Institut des Hautes Etudes de l'Amérique latine
Centre de recherche et de documentation sur les Amériques

Présences masquées, présences tenaces

Capucine Boidin

 

Présences masquées, présences tenaces

 

Capucine Boidin

Directrice de l'IHEAL

 

Tenir, tenir un enseignement en co-présence, tel est notre objectif à l'IHEAL en cette rentrée de l'automne 2020.

Alors oui cette présence est masquée, séparée d'un siège et alternée entre les semaines paires et impaires.

Oui cette organisation met à rude épreuve les nerfs de chacun.e, enseignants, administratifs et étudiants.

Mais à l'heure où nous prenons chaque jour de plein fouet la "valence différentielle des corps" devant la mort,

nous avons plus que jamais besoin d'énoncer, de recevoir et débattre nos idées avec tout notre corps.

Même à distance et même masqués, sans musique ni moments festifs, la semaine de pré-rentrée avec son rallye photo, ses conférences et ses ateliers Talents campus s'est tenue.

Et de beaux projets étudiants ont émergé: Nossa casa, Lafiesta et Parlemos. Tout un programme de liens, lieux et paroles !

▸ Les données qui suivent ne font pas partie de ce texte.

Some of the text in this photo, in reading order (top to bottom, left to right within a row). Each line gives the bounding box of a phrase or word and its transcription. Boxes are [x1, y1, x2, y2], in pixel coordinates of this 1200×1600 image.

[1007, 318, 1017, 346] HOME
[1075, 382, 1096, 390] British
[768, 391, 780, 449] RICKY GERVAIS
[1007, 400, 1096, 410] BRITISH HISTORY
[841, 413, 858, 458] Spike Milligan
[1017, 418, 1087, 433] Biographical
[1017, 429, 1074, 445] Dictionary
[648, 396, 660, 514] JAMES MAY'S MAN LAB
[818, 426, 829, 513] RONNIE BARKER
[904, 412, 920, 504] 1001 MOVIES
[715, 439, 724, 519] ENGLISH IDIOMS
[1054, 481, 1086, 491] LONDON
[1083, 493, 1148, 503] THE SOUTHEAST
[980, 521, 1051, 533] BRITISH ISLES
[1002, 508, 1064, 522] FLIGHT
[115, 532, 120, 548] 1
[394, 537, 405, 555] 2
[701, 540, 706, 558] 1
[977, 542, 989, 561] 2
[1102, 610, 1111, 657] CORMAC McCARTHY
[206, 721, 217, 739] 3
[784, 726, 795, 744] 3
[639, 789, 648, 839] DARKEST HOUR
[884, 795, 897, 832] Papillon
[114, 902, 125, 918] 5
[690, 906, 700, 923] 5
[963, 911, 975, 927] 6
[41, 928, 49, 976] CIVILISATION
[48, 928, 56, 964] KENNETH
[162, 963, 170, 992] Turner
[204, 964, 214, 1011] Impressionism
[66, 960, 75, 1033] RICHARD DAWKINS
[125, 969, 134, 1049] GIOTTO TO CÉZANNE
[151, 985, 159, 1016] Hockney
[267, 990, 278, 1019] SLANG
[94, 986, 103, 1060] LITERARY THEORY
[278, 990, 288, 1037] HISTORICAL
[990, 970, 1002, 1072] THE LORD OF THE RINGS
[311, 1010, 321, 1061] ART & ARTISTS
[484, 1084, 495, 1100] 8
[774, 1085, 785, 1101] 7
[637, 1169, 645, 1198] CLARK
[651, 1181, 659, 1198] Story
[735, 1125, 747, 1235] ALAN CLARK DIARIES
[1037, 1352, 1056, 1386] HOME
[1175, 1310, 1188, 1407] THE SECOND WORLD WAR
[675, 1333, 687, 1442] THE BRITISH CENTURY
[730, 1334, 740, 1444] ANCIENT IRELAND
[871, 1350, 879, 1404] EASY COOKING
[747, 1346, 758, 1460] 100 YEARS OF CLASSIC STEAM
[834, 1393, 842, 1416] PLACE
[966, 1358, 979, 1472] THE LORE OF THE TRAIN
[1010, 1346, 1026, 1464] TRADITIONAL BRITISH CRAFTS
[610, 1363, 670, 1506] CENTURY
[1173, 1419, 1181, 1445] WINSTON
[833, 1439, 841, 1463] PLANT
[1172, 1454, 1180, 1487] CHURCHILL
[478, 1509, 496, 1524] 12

Tenir l'enseignement en co-présence, c'est ressentir les émotions de l'enseignant lorsqu'il transmet ses idées et recevoir les hésitations de l'étudiant.e qui ose prendre la parole dans la salle.

C'est renouveler l'énergie de transmettre, l'énergie d'apprendre, pour lire et penser ensemble le monde qui nous entoure, le monde que nous habitons ensemble.

Nous avons besoin de constituer des communautés physiques et vivantes d'argumentation!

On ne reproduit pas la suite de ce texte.